5. The XY axis automatic adjustment device for the array scanning analyzer according to claim 3, characterized in that, The main support component includes a main vertical plate and a main horizontal plate mounted on the vertical plate. The main transmission wheels are located on both sides of the main horizontal plate and inside the main conveyor belt. The main adjustment wheels are located on the main horizontal plate at a position lower than the main transmission wheels. The main drive component is a motor, which is mounted on the main horizontal plate via a main motor fixing plate. The main drive wheels are located on the main motor drive shaft and inside the main conveyor belt.

6. The XY axis automatic adjustment device for the array scanning analyzer according to claim 5, characterized in that, The host horizontal plate is provided with a host up-down adjustment structure for adjusting the up-down movement of the host drive component. The host up-down adjustment structure is an adjustment groove or an adjustment hole. or The main unit's horizontal plate is provided with a main unit left-right adjustment structure for adjusting the left and right movement of the main unit's adjustment wheel. The main unit's left-right adjustment structure is an adjustment groove or adjustment hole.

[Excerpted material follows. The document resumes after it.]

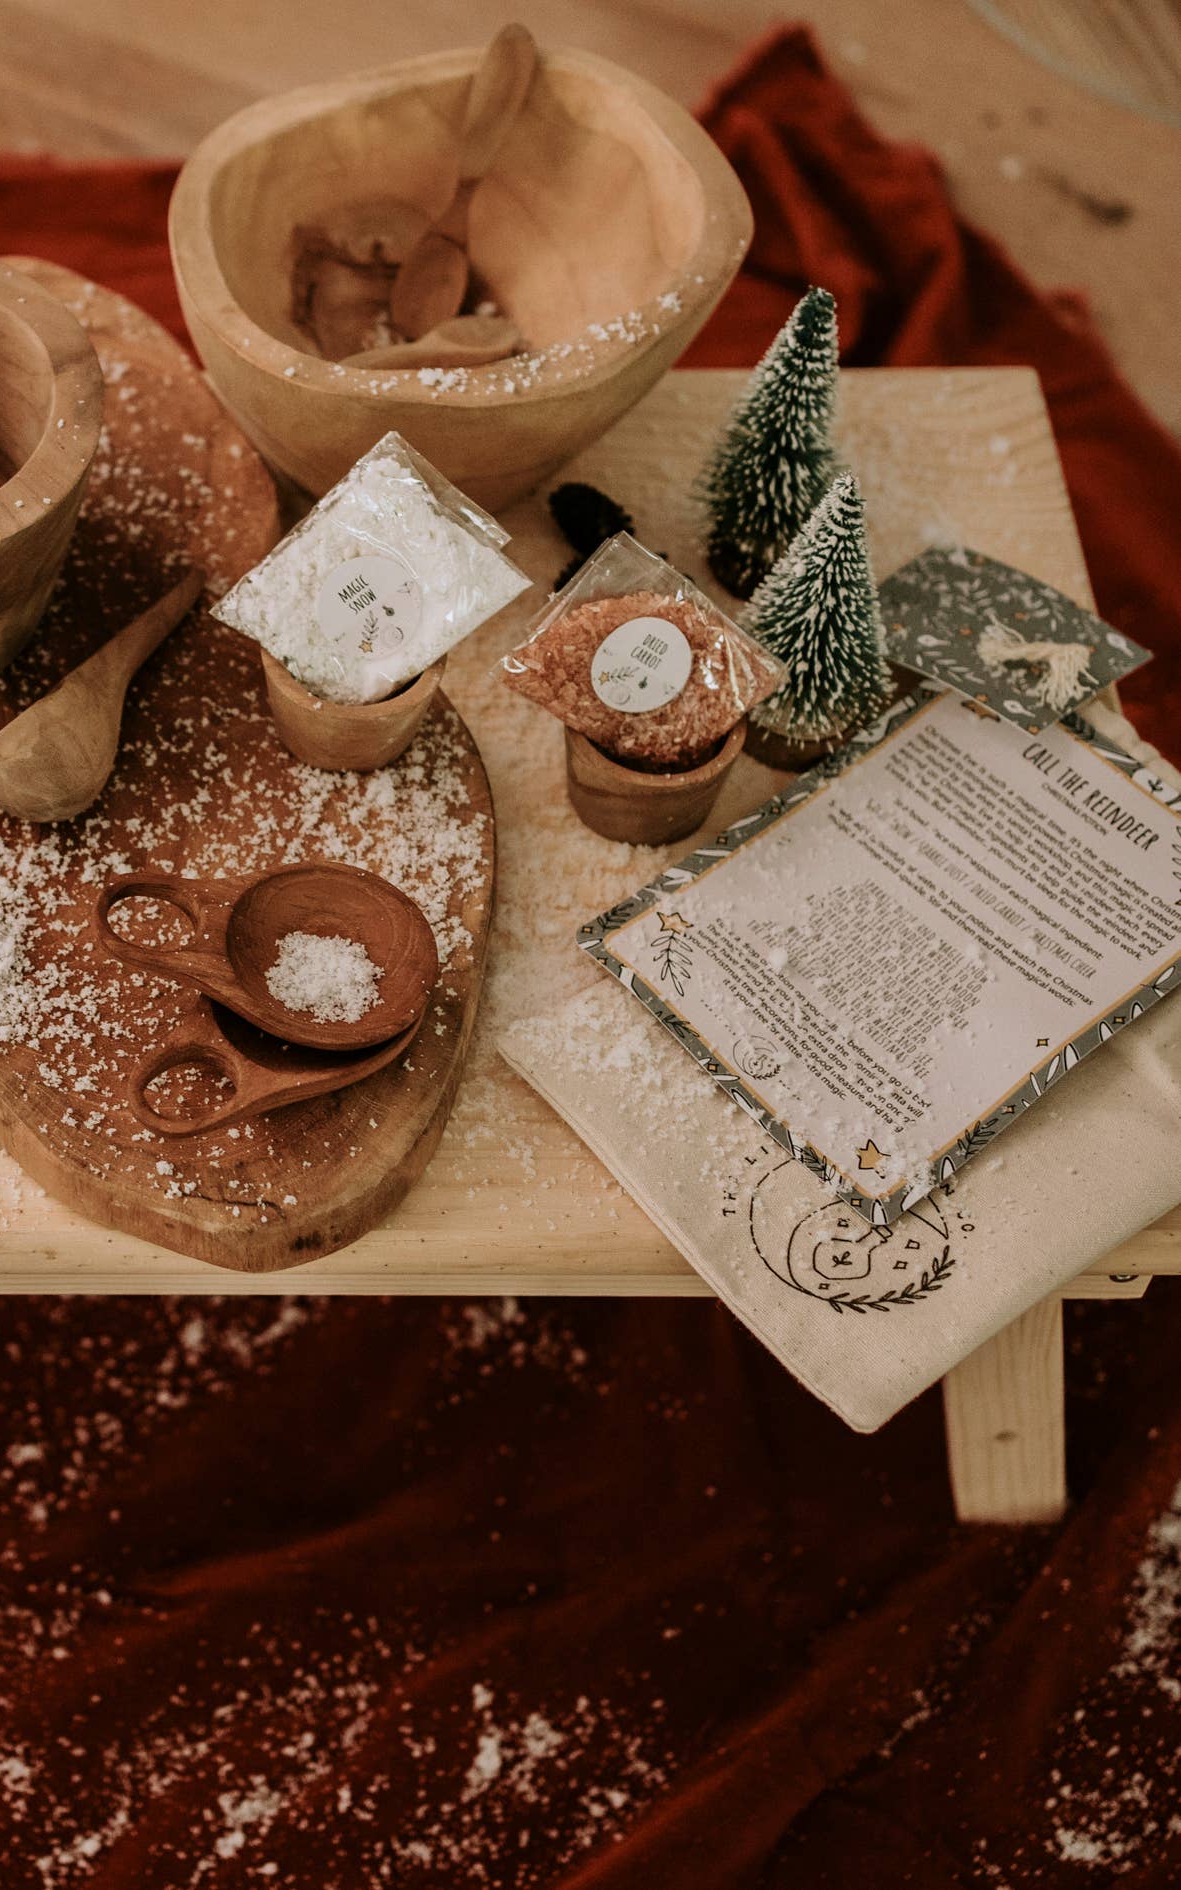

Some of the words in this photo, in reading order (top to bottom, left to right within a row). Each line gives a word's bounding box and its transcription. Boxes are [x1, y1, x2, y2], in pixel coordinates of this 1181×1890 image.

7. The automatic XY axis adjustment device for the array-type scanning analyzer according to claim 5, characterized in that, The main unit's transmission wheel protrudes from the left and right sides of the main unit's horizontal plate.

8. The automatic XY axis adjustment device for the array scanning analyzer according to claim 5, characterized in that, The edge of the main conveyor wheel is lower than the outer surface of the main conveyor belt.

9. The automatic XY axis adjustment device for the array-type scanning analyzer according to claim 1, characterized in that, The lifting component is a cylinder, and the protective cover lifting mechanism also includes a limiting component for adjusting the up and down position of the lifting component.

10. The automatic XY axis adjustment device for the array-type scanning analyzer according to claim 1, characterized in that, The main unit gripper is equipped with an anti-static soft contact plate.